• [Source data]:
- - - - - - -
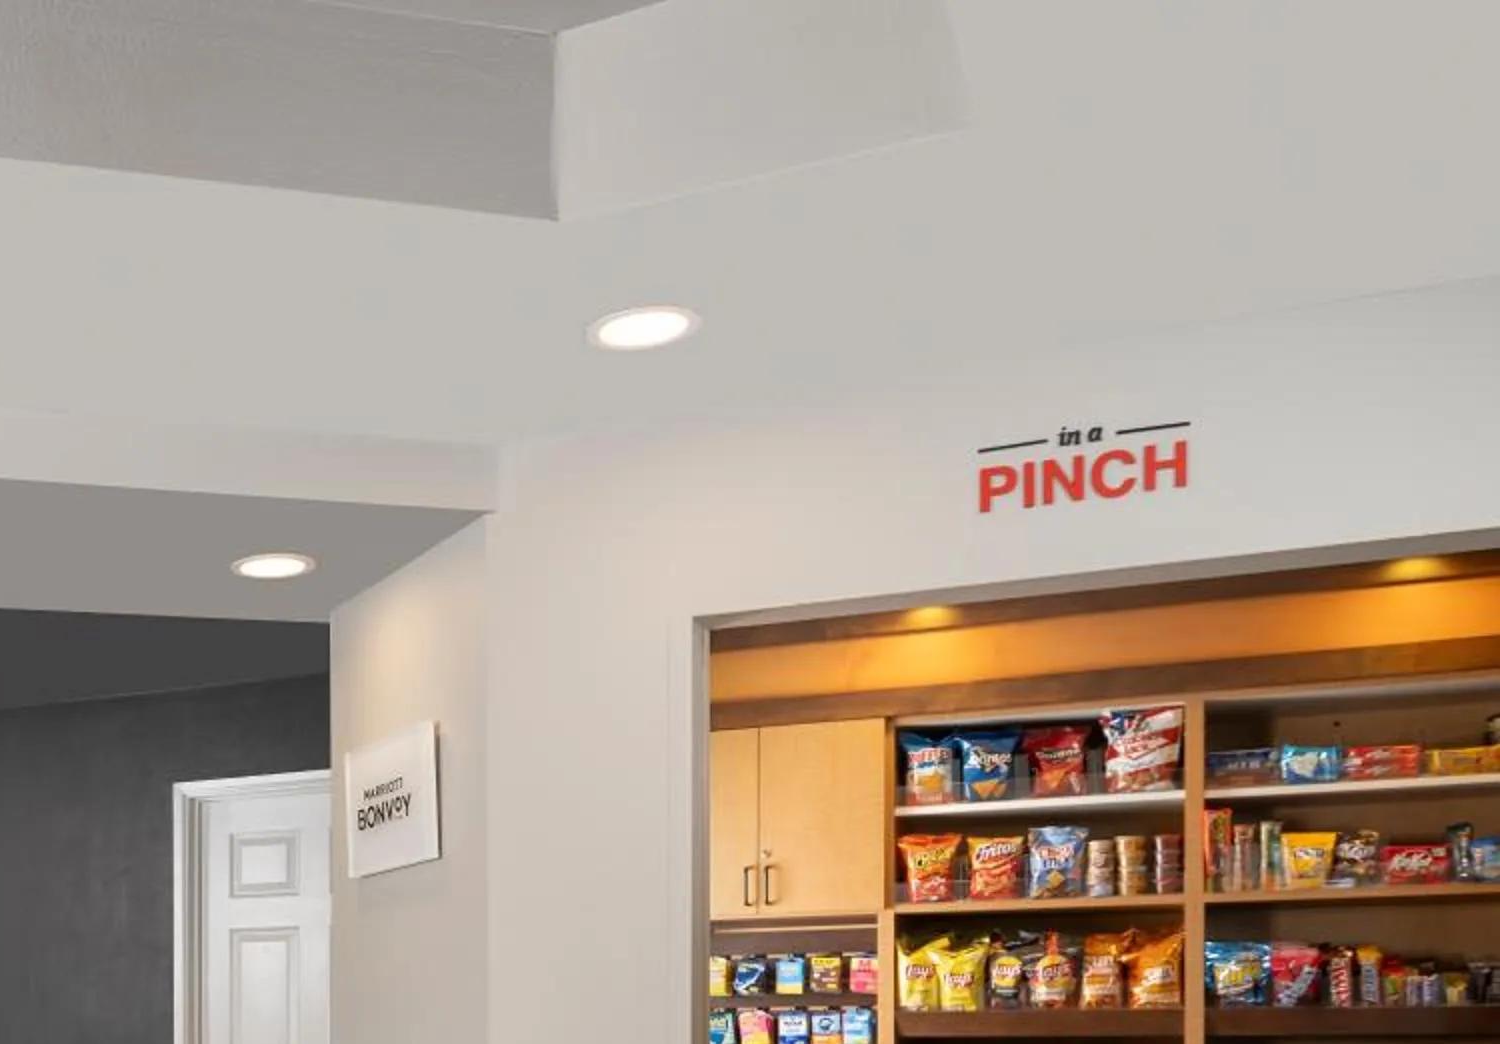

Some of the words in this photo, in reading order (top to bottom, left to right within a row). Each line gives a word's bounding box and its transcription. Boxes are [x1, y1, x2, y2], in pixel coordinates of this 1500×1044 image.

[1057, 426, 1082, 446] in
[1087, 426, 1103, 442] a
[979, 440, 1187, 513] PINCH
[363, 777, 404, 801] MARRIOTT
[357, 793, 412, 831] BONVOY
- - - - - - -
• [Exercise brief]: Retype the entries verbatim and drop the pictures.

• [Completed task]:
Some of the words in this photo, in reading order (top to bottom, left to right within a row). Each line gives a word's bounding box and its transcription. Boxes are [x1, y1, x2, y2], in pixel coordinates of this 1500×1044 image.

[1057, 426, 1082, 446] in
[1087, 426, 1103, 442] a
[979, 440, 1187, 513] PINCH
[363, 777, 404, 801] MARRIOTT
[357, 793, 412, 831] BONVOY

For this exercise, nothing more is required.